C preprocessor conditional statement output

The preprocessor directives (the lines starting with #) are dealt with at compile time, not at runtime. The a in that #if is not the same as the a variable you declared. The preprocessor just replaces it with 0, since there is no #define a statement anywhere. The variable a is unused in your program. If you do use it, like in the printf statement you show, it will get printed as expected - a value of 1 that you assigned to it.

#include<stdio.h>
int main(){

int a =1;
#if(a==0)
  printf("equal");
#else if
  printf("unequal");
#endif

return -1;
}

which you pass to the compiler will first go through the preprocessor whose output is then sent as an input to the compiler; the preprocessor will send

#include<stdio.h>
int main(){

int a =1;
printf("equal");

return -1;
}

to the compiler, which is the reason you see equal always.
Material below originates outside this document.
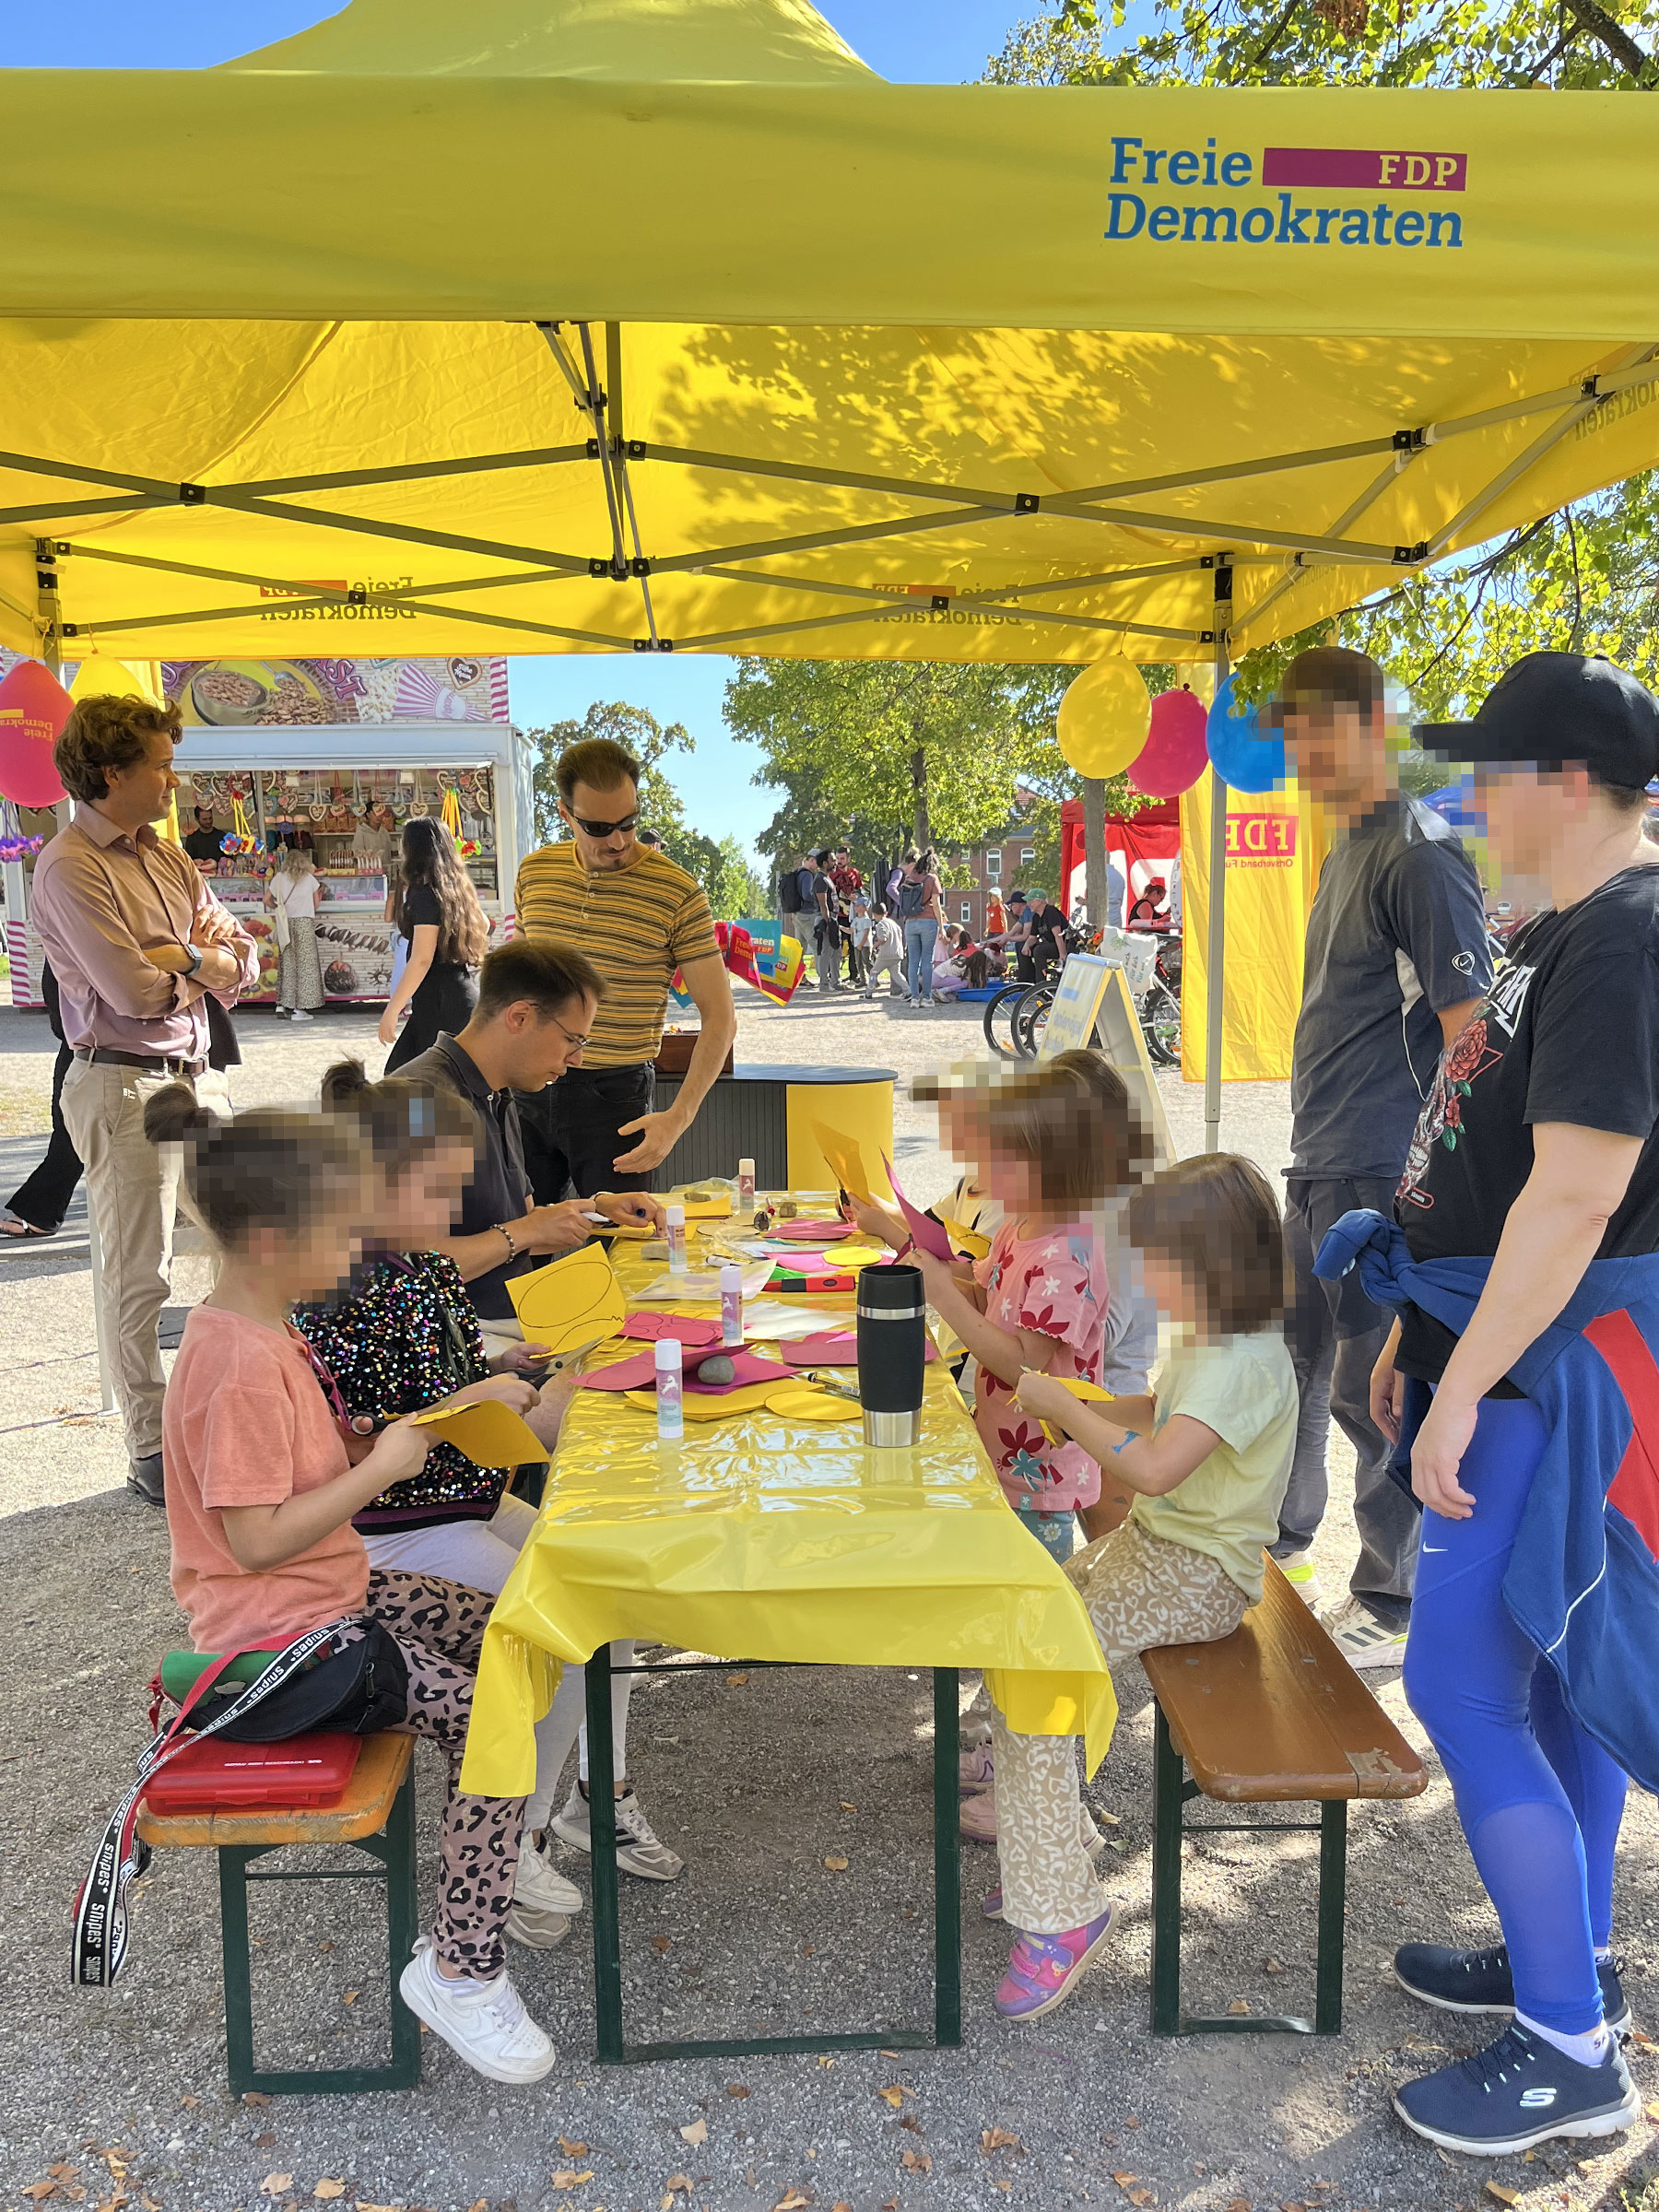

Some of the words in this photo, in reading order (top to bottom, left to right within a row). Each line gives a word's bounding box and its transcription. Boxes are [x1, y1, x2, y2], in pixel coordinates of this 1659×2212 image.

The reason is since a as a macro is undefined, the first condition is true, there by leading to only passing that statement on to the compiler. If you try adding #define a 1 next to the include directive, then you'll always see unequal as an output; but these changes affect only the compile time macro a and not the runtime variable a (both are entirely different).

All this because preprocessor is concerned only with compile-time constructs. What you really need may be

#include<stdio.h>
int main(){

   int a =1;
   if(a == 0)
     printf("equal");
   else
     printf("unequal");

   return 0;
}

Aside: Return 0 when you're program is successful, returning negative values from main usually means some error state termination of your program.